Now use these samples to make predictions about which species carry the disease given the observations in obs:

samples$consistent <- NA

# compute whether each sample is consistent with the observations
for (i in 1:nsample) {
  samples$consistent[i] <- p_obs_given_h(obs, samples[i,])
}

consistentHypotheses <- as.logical(samples$consistent)
consistentsamples <- samples[consistentHypotheses,1:n]
gen <- samples[1,]
for( animalname  in speciesnames ) {
    # for each species compute the proportion of consistent samples for which
    # it takes value TRUE
    gen[animalname] <- mean( consistentsamples[[animalname]] ) - 1
    # NB: we need to subtract 1 from the mean because we're using 1 and 2 for TRUE and FALSE instead of 0 and 1
}

makeplot(gen[1:n])

Exercises (B)

  1. The function sample h() samples a hypothesis \(h\) from the prior \(P(h)\).

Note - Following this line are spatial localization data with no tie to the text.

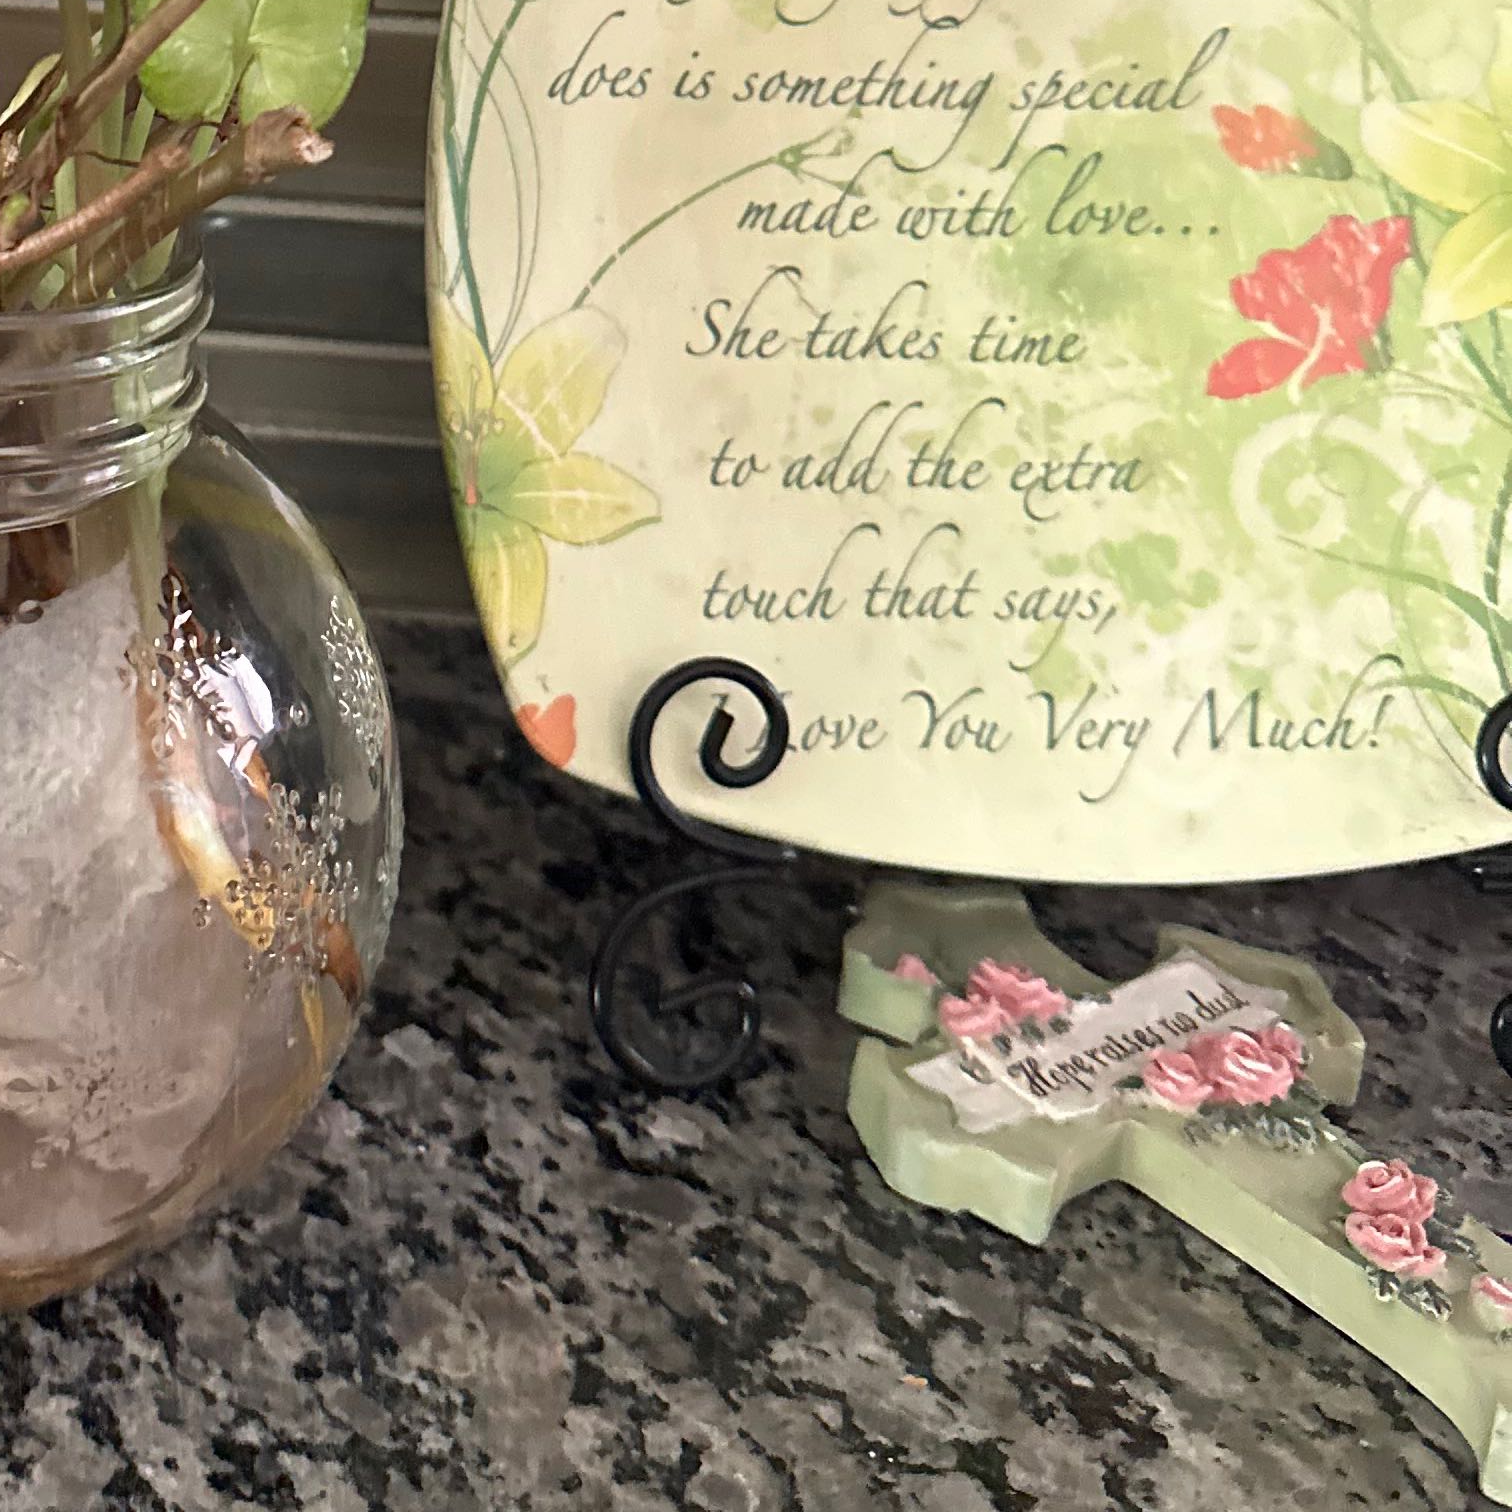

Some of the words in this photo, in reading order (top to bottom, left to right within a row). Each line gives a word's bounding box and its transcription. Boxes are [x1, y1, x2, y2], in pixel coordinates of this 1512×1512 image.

[547, 9, 653, 106] does
[673, 50, 716, 101] is
[732, 15, 995, 173] something
[990, 26, 1231, 172] special
[736, 149, 880, 239] made
[895, 143, 1068, 240] with
[1044, 151, 1221, 236] love...
[685, 265, 804, 359] She
[804, 279, 944, 361] takes
[968, 314, 1090, 367] time
[709, 438, 771, 488] to
[781, 400, 924, 495] add
[906, 396, 1006, 489] the
[1009, 442, 1151, 521] extra
[701, 521, 881, 622] touch
[863, 521, 982, 619] that
[992, 584, 1121, 673] says,
[901, 686, 1014, 754] You
[1025, 681, 1152, 804] Very
[1171, 652, 1394, 761] Much!
[1006, 1054, 1098, 1098] Hope
[1083, 1025, 1166, 1069] raises

First the value for kelp is sampled, then herring, and so on. Why do the values need to be sampled in this order?

  2. After sampling 1000 samples the code only uses those that are consistent with the observation vector. Why?

  3. Set the observation vector to obs <- list(kelp = 1, mako = 2) and run the script. Compare the output to what you saw when you computed the same set of predictions using enumeration as the inference method.

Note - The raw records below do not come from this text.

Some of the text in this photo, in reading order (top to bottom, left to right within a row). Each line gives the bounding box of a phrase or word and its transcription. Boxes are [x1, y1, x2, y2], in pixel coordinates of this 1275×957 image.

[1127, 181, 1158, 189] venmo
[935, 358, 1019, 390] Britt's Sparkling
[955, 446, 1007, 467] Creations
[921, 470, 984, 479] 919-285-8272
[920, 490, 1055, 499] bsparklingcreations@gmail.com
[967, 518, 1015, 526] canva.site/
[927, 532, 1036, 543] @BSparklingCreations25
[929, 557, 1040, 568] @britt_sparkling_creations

Inference by Gibbs sampling using RJags

Let’s now use a program called JAGS to sample directly from the posterior \(P(h|\text{obs})\).

The code here relies on a file called foodweb.bug that specifies the prior distribution on all variables in the model.

foodwebdata<- c(obs, list(
      p.kelp = zerop,
      p.herring = onep,
      p.dolphin = onep,
      p.tuna = onep,
      p.sandshark = onep,
      p.mako = twop,
      p.human = onep))

# set up the model in JAGS
jags <- jags.model('foodweb.bug', data = foodwebdata,
                   n.chains = 4,
                   n.adapt = 100)
## Compiling model graph
##    Resolving undeclared variables
##    Allocating nodes
## Graph information:
##    Observed stochastic nodes: 2
##    Unobserved stochastic nodes: 5
##    Total graph size: 54
## 
## Initializing model
# actually run the model in JAGS (ie sample from the posterior P(h|obs) )
samples <- coda.samples(jags,
             c('kelp', 'herring', 'dolphin', 'tuna', 'sandshark', 'mako', 'human'),
             10000)

# for each species extract the proportion of samples for which it is TRUE. For today's session don't worry about the details of this function.

genplot <- samples %>%
        gather_draws(kelp, herring, dolphin, tuna, sandshark, mako, human) %>%
        rename(species=.variable, gen=.value) %>%
        ungroup() %>%
        select(species, gen) %>%
        mutate(species= factor(species, levels=speciesnames)) %>%
        group_by(species) %>%
        summarize(gen=mean(gen)-1)
## Warning: Passing an environment as data mask is deprecated.
## Please use `new_data_mask()` to transform your environment to a mask.
## 
##   env <- env(foo = "bar")
## 
##   # Bad:
##   as_data_mask(env)
##   eval_tidy(expr, env)
## 
##   # Good:
##   mask <- new_data_mask(env)
##   eval_tidy(expr, mask)
## This warning is displayed once per session.
makeplot(spread(genplot, species, gen))

Exercises (C)

  1. Take a look at foodweb.bug and see if you can understand how this file specifies a distribution over all 7 variables in the model (ie all 7 species in the foodweb).

  2. Set the observation vector to obs <- list(kelp = 1, mako = 2) and run the jags chunk to carry out inference. Compare the output to what you saw when you carried out inference by enumerating the hypothesis space.